P: This is a somewhat loaded question, because when auditioning, I am always doing it in my American accent. There's also no real indication that I am foreign on my resume. So, I think that in itself says that... I think if you are perceived as too foreign, often you are not considered for acting jobs.

It undoubtedly resulted in more callbacks and job offers for me when I started doing it. I don’t necessarily see it as denying who I am. It's just a part of the hustle that I think works best for me. The other interesting perception is the idea of my ‘type’ as an actor. Because I have darker features and a tan, many Americans mistake me for being Spanish or Puerto Rican, and so I’ve been cast as this for multiple roles even though that isn’t my heritage, but I’ve had to adopt it because I would not be defined by most Americans as a classic all-American white boy. I have no real issue with that perception of me, but gaining an awareness of it was important for my career.

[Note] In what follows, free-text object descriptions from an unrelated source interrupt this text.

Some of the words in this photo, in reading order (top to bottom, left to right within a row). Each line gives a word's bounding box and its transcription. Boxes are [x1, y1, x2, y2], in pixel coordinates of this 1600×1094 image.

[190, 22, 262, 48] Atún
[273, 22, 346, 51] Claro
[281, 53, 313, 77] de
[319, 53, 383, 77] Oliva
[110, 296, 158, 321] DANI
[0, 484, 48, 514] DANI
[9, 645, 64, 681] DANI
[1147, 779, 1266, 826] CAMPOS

R: The latter of that has a really, really interesting point, as someone who has created a fair amount of content around the issue of diversity and representation. A topic that often comes up is the idea of white-washing. Casting white actors to play characters of other backgrounds. On one hand it’s easy to get frustrated, but also, actors got to eat, you know? And if that’s the ‘type’ industry is seeing you as, and you need the work... what can you really do? It’s either that, or write and produce your own content (which you’ll need money for, anyways.) Starting out, this becomes a major thing to traverse…

Moving on, speak on your current projects and how you got involved in them - what drives you and keeps you going?

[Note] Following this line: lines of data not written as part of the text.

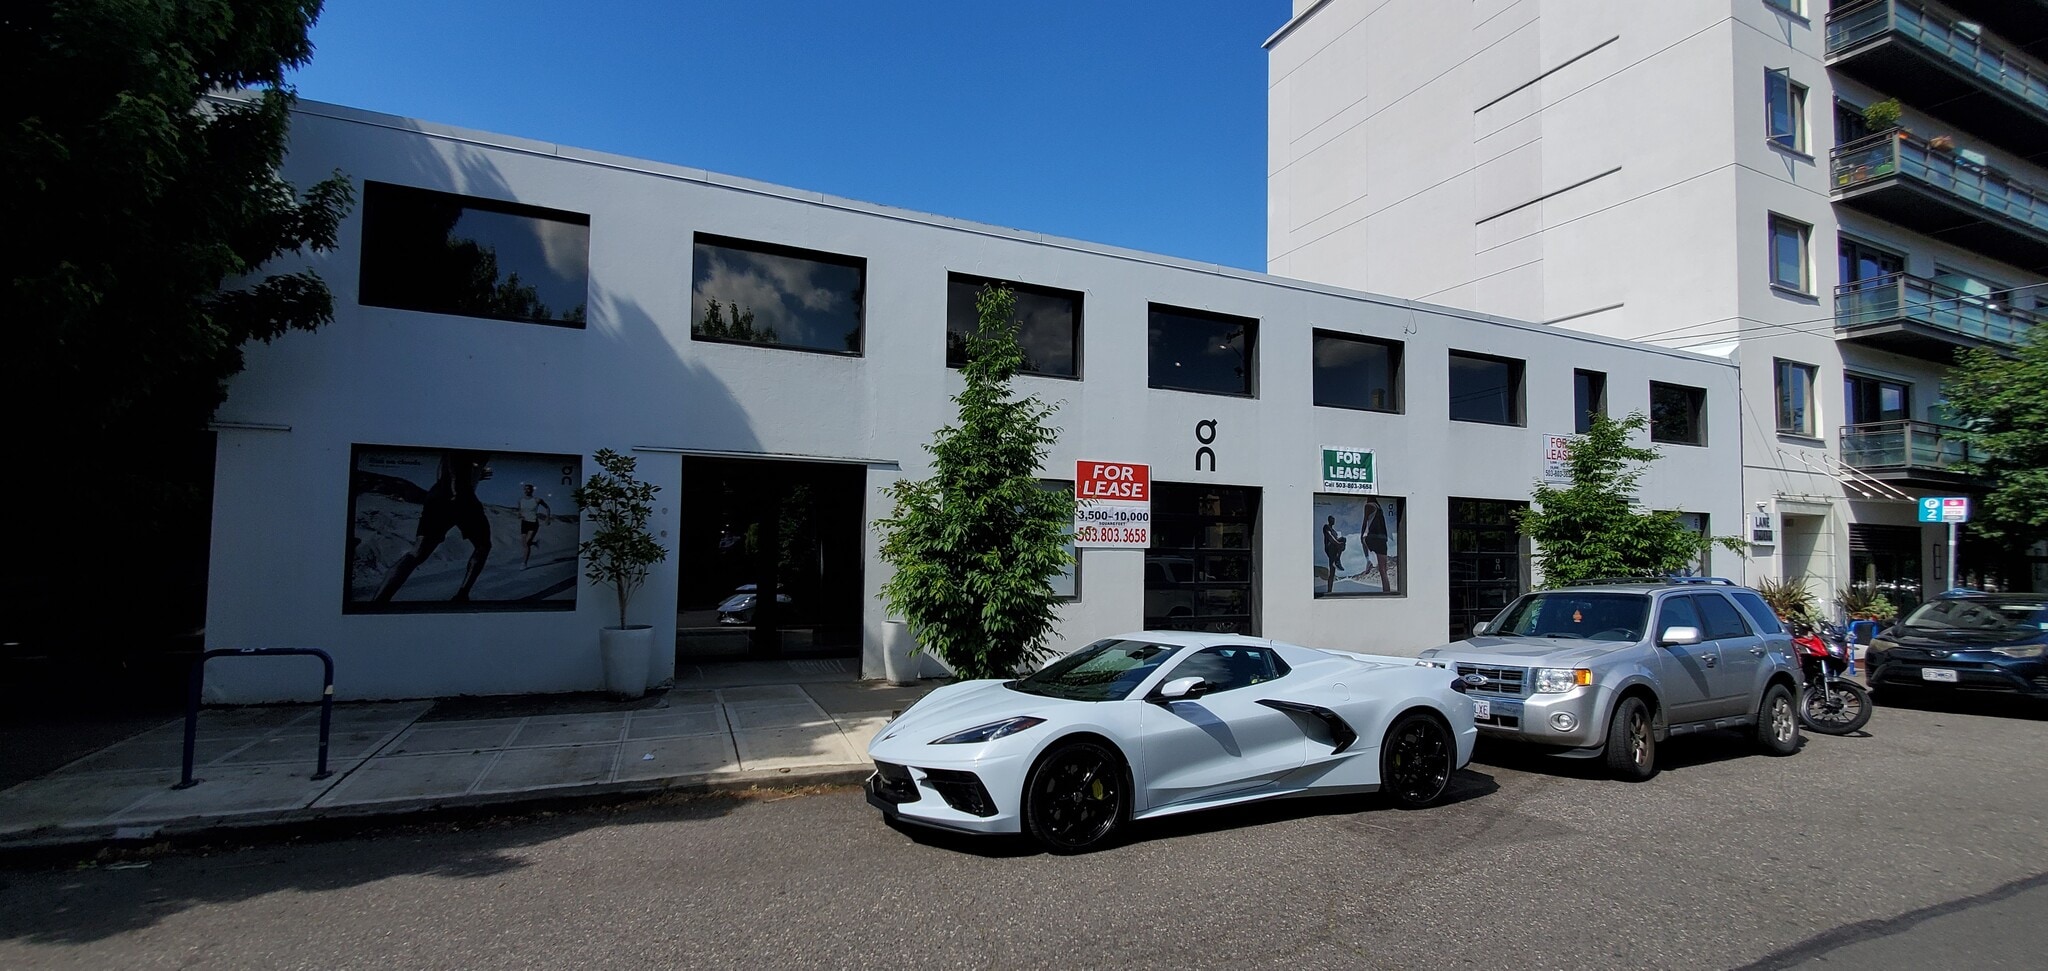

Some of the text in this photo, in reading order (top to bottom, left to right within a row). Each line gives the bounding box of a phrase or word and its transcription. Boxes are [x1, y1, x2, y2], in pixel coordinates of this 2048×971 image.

[1336, 451, 1361, 465] FOR
[1092, 464, 1134, 481] FOR
[1329, 465, 1367, 480] LEASE
[1083, 480, 1143, 498] LEASE
[1926, 509, 1937, 518] 2
[1755, 516, 1770, 528] LANE
[1078, 526, 1147, 544] 503.803.3658

P: I just finished performing in the musical Rock of Ages. Coming from a rock and roll music background this was a musical that sat very well with me. This was one of those shows that I just went to the open call in New York for, got called back about 4 times, then booked. It was very textbook. I was also fortunate enough to assist the original Tony-nominated director, Kristin Hanggi on installing the show for the following cast.

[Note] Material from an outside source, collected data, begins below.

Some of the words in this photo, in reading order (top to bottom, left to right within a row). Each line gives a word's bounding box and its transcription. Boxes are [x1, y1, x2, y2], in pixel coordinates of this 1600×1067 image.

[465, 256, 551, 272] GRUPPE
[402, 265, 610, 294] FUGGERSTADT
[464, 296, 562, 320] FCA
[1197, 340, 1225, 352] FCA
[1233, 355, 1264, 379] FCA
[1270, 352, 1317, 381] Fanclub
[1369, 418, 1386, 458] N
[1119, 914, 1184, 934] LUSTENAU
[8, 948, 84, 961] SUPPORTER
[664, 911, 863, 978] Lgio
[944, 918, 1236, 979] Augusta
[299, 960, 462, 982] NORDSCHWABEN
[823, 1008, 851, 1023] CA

This summer I'll be going to Niagara Falls to be a lead singer for a show called Dancing Queen and then after that I’ll be doing West Side Story and Saturday Night Fever at the Ivoryton Playhouse in Connecticut. All of these shows came from appointment auditions through my agent.

I enjoy the challenge of new work. Doing different shows presents new challenges and those are the things that keep me excited.

R: That’s an exciting line-up, are there any dream projects you have your eyes set on?

P: I’d like to get back to my film roots. I’ve really enjoyed working on theater for the past few years but in the 21st century the notion that actors can juggle a career in stage and screen is common, and I’d love to bring my film experience from South Africa to the US in a more deliberate way than I have since moving here.

In saying that though, I would love to book a Broadway show, as would another 100 000 people in New York, but I don’t think that desire will ever go away. Project wise, I would love to get involved in a production of the musical, Newsies. Also, being part of a new series from the ground floor where long-term development of a character is possible over many seasons seems like what all my favorite actors are doing these days, and I’d love to get the opportunity to do that.

R: That’s awesome, I’m excited to see where you’re headed next.